JAKARTA- Buah pemikiran Presiden RI ke-4, Abdurrahman Wahid (Gus Dur) dalam konteks kebhinekaan sangat jelas, idenya tentang pribumisasi yaitu apapun kepercayaan dan keyakinan agama seseorang, perlu dikontekstualisasikan dalam kebhinekaan Indonesia.
Demikian diungkapkan Direktur Eksekutif Wahid Foundation, Mujtaba Hamdi, di Jakarta, Jumat (11/11/2022).
Pribumisasi yang dikemukakan Gus Dur memiliki makna kontekstualisasi keyakinan agama dengan kebhinekaan Indonesia, beradaptasi dengan kebudayaan yang ada di Indonesia.
Mujtaba menilai, kontektualisasi inilah yang nantinya melahirkan semangat toleransi dan nasionalisme untuk menjaga serta merawat Indonesia dari segala ancaman ideologi transnasional.
Artinya ketika ajaran agama hadir di Indonesia, maka jadi bagian dari Indonesia. Beradaptasi, bertransformasi menjadi Islam Indonesia, Katolik Indonesia, Kristen Indonesia, dan seterusnya.
“Itu yang bisa kita teladani dari Gus Dur. Kepercayaan yang kita anut, kita kontektualisasikan dengan kebudayaan dan kebhinekaan di indonesia,” ujarnya.
Peringatan Hari Pahlawan 10 November, sejatinya memiliki dua makna penting.
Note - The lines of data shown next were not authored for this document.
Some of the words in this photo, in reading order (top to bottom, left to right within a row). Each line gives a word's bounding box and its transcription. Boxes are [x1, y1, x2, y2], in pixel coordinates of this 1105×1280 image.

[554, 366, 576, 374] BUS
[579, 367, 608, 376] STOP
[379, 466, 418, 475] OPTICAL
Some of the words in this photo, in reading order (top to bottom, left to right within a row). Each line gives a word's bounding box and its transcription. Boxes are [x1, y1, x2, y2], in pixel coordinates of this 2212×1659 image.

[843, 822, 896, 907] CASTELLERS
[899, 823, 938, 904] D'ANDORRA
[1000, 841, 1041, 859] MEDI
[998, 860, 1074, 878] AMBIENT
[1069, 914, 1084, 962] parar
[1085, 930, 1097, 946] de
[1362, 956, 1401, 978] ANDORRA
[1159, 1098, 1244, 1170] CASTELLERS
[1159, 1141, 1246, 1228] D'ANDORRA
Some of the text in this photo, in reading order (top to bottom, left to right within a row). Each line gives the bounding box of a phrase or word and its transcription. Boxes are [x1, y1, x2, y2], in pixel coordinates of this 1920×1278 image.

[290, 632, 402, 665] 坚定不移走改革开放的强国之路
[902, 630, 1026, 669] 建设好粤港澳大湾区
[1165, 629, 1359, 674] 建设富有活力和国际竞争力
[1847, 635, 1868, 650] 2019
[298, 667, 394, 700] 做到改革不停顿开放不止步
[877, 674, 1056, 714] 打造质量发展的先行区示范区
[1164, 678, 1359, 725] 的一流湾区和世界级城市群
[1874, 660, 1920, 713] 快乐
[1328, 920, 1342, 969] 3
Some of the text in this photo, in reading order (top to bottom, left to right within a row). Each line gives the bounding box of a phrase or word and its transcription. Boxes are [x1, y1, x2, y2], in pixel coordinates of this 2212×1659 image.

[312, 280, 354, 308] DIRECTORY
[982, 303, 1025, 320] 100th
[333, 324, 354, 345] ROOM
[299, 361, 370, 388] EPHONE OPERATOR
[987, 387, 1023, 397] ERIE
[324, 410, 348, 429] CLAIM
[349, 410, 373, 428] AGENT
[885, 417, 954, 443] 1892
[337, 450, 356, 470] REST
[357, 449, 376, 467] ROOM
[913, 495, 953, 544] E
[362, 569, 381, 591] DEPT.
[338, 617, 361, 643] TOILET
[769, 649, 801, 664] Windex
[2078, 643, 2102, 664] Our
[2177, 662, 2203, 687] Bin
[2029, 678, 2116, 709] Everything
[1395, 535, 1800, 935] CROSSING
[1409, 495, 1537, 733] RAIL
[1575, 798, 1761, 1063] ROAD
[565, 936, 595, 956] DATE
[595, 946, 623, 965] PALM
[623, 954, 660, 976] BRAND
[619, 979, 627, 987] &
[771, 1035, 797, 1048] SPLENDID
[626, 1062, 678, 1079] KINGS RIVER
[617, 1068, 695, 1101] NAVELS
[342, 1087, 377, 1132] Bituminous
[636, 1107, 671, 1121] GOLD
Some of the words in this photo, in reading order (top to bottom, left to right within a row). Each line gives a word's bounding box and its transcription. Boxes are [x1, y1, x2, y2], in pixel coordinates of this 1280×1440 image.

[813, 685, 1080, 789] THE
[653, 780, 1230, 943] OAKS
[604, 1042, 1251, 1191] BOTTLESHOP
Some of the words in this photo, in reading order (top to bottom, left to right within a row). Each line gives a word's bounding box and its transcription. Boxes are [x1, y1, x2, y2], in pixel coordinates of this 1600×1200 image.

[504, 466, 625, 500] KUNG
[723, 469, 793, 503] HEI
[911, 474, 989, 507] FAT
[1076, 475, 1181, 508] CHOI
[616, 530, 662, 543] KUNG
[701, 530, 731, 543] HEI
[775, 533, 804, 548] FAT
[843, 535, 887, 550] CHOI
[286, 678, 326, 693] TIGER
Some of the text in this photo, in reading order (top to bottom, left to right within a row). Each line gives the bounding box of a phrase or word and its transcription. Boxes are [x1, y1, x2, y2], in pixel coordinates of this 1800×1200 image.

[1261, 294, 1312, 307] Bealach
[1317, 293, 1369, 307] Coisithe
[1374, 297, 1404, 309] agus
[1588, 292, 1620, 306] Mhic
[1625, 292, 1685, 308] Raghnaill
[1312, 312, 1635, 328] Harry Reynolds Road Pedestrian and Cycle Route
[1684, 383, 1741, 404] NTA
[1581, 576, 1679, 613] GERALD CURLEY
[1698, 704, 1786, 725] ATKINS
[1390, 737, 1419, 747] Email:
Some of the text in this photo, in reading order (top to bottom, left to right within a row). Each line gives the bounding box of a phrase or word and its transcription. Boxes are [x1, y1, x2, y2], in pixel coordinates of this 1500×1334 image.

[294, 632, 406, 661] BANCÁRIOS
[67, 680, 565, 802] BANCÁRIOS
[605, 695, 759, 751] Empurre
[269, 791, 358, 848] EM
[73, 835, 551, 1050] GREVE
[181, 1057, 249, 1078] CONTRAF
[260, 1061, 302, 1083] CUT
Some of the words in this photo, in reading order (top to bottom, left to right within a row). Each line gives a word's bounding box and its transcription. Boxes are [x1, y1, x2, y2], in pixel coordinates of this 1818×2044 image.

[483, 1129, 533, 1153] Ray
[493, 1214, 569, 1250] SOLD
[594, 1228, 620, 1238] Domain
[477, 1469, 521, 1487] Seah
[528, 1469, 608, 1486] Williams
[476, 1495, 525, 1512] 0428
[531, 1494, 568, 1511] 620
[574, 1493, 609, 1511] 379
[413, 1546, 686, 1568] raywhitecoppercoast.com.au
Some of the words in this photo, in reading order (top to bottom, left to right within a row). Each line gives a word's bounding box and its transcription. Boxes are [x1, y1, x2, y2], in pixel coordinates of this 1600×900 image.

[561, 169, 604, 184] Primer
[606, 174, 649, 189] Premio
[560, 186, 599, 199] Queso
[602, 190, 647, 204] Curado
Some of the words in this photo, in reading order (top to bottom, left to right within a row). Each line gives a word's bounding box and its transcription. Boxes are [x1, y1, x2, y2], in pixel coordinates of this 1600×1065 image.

Pertama, menandai semangat perjuangan bangsa Indonesia, bahwa bangsa ini tidak lahir, tidak terbentuk, dan tidak terbangun dari ruang kosong, tapi dari perjuangan seluruh anak bangsa.
“Semangat ini perlu kita bawa bersama untuk mengisi kemerdekaan Indonesia dengan kreatifitas, dan karya yang terdepan. Sehingga semangat kepahlawanan ini kita serap untuk membawa Indonesia semakin bersinar di dunia global,” kata dia.
Kedua, pahlawan di Indonesia terdiri dari banyak suku bangsa, banyak agama. Hal ini menurutnya, menunjukkan semangat kebhinekaan, sehingga perlu disadari bahwa kepahlawanan di Indonesia tidak didominasi oleh agama maupun suku bangsa manapun, tapi diiisi oleh elemen bangsa dari ujung Aceh hingga Papua.
Oleh sebab itu, untuk memberikan pemahaman kepada segenap anak bangsa, bahwa tugas yang perlu diemban saat ini adalah merawat Indonesia.
Dimana Indonesia dilahirkan dengan susah payah oleh para pendahulu, dari usaha-usaha sekelompok orang yang ingin mendeligitimasi kebhinekaan Indonesia.
“Ketika ada usaha untuk mendeligitimasi kebhinekaan Indonesia, nah itu perlu sama-sama untuk kita counter. Kita bukan counter orangnya, tapi mereduksi usahanya. Langkahnya yang berupaya mengikis filosofi kemerdekaan,”katanya.
Ia berharap, pemerintah mampu menciptakan upaya yang lebih konkrit ditingkat praktis terhadap penanaman nilai Pancasila, di mulai dari tingkat pendidikan.
Bukan hanya sekedar cerita dan teori. Namun menembus kepada pendalaman praktik nilai-nilainya dan mewujudkannya. Untuk itu perlu langkah kolaborasi dari seluruh pihak.
“Misalnya dari tingkat pendidikan, masih banyak menemui kasus diskriminasi atas nama agama. Di sekolah, Pancasila pasti diajarkan. Tetapi kita butuh lebih dari sekedar pengajaran yang bersifat deduktif, bersifat formal mata pelajaran, tapi perlu pendalaman praktik nilai-nilainya dan menciptakan kultur kebhinekaan di tingkat paling kongkrit,” kata dia.
Menurutnya, Wahid Foundation didirikan untuk memajukan visi kemanusiaan KH Abdurrahman Wahid dalam memajukan pengembangan toleransi, keberagaman dalam masyarakat Indonesia.
Selain itu, Wahid Foundation berperan aktif melalui upaya pendalaman dan perluasan program, bersama dengan berbagai stakeholder, baik pemerintah pusat maupun daerah, tak terkecuali Badan Nasional Penanggulangan Terorisme (BNPT) melalui program implementasi Rencana Aksi Nasional – Penanggulangan Ektrimisme berbasis Kekerasan (RAN-PE).
“Yang kita lakukan sekarang adalah pendalaman dan perluasan. Jadi program yang kita lakukan, baik di desa atau sekolah bahkan ruang digital kita perdalam dan perluas komunitasnya,” ujar dia.